-- Opening Marker --

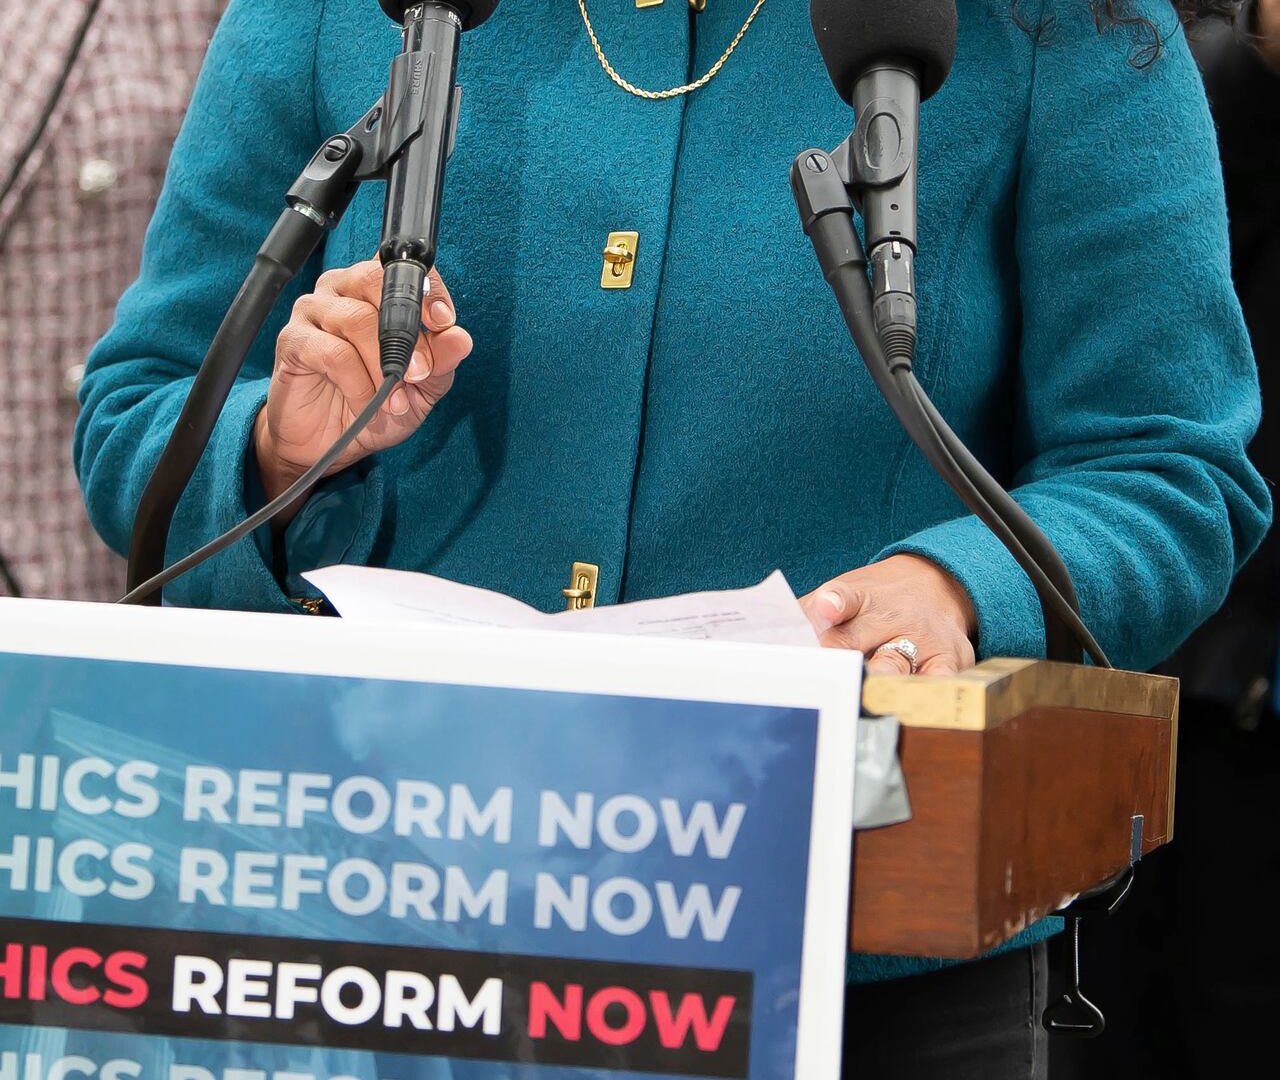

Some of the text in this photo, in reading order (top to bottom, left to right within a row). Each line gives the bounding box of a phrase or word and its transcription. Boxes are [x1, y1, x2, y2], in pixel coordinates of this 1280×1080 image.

[183, 765, 513, 844] REFORM
[537, 790, 747, 860] NOW
[179, 846, 508, 926] REFORM
[533, 872, 741, 942] NOW
[172, 955, 503, 1036] REFORM
[527, 982, 736, 1052] NOW
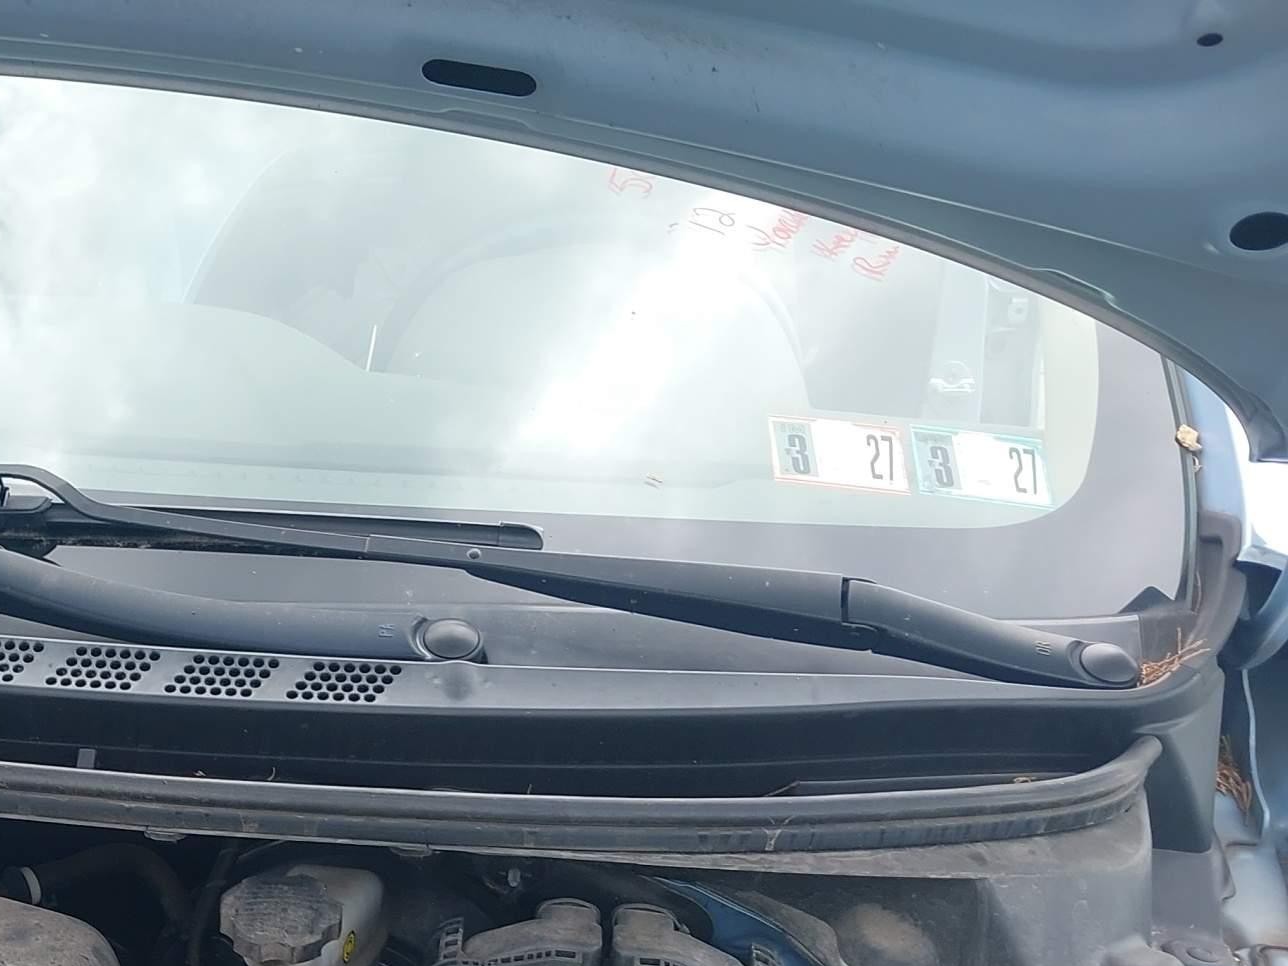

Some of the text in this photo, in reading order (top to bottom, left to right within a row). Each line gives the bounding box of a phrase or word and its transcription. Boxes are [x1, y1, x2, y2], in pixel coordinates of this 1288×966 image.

[786, 433, 894, 481] 3 27
[929, 446, 1037, 495] 3 27
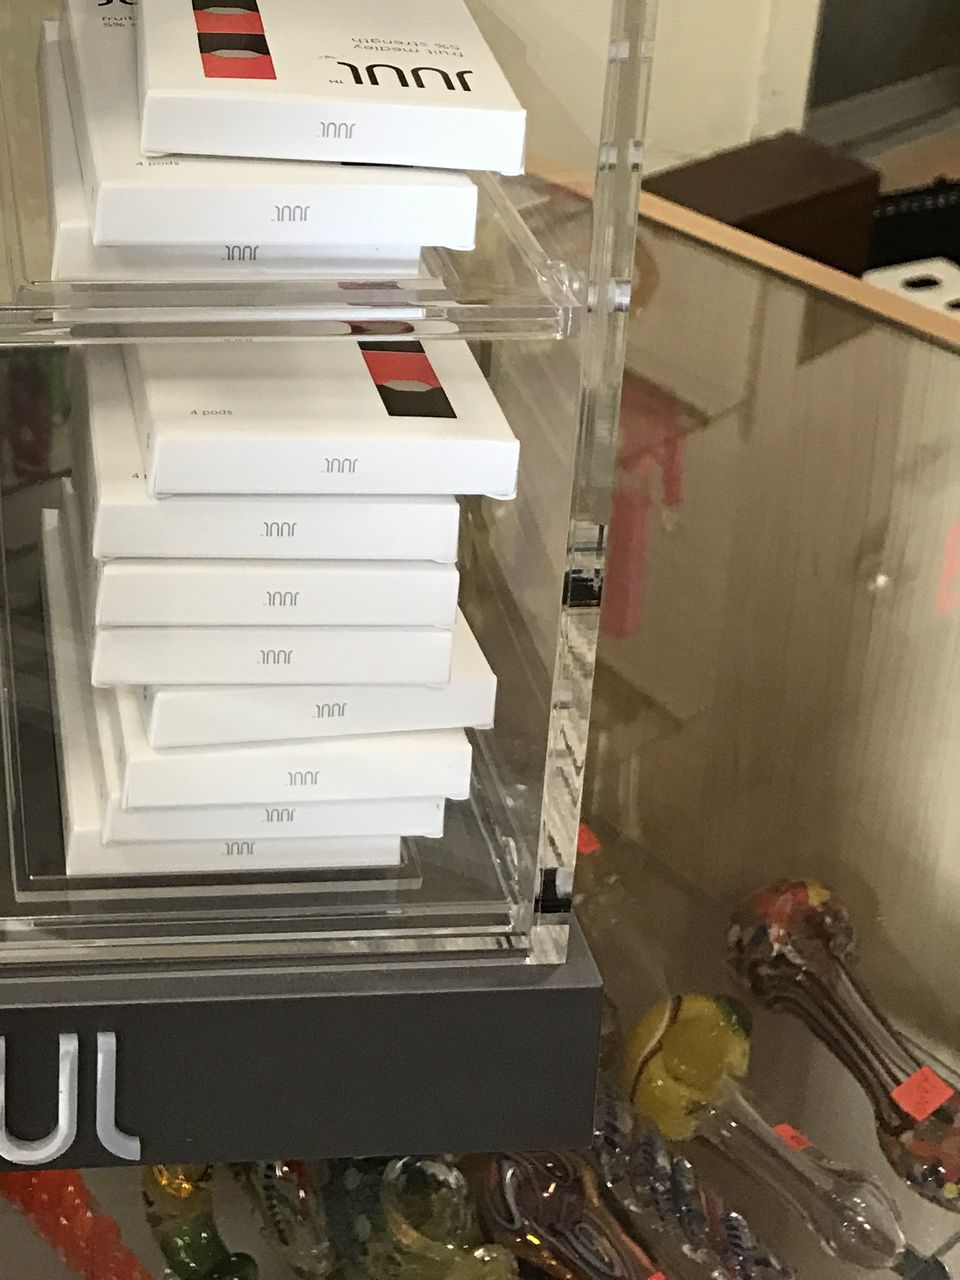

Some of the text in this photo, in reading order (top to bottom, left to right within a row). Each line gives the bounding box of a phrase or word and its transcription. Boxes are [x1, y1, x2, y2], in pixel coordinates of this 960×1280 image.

-- Closing Marker --

## AIM OF THE TASK
Exclude all pictures and reproduce verbatim the lines running from the line that contains "this 1288×966 image." to the end of the data above, both ends included.

## EXPECTED ANSWER
Some of the text in this photo, in reading order (top to bottom, left to right within a row). Each line gives the bounding box of a phrase or word and its transcription. Boxes are [x1, y1, x2, y2], in pixel coordinates of this 1288×966 image.

[786, 433, 894, 481] 3 27
[929, 446, 1037, 495] 3 27

Some of the text in this photo, in reading order (top to bottom, left to right within a row). Each line gives the bounding box of a phrase or word and its transcription. Boxes are [x1, y1, x2, y2], in pixel coordinates of this 960×1280 image.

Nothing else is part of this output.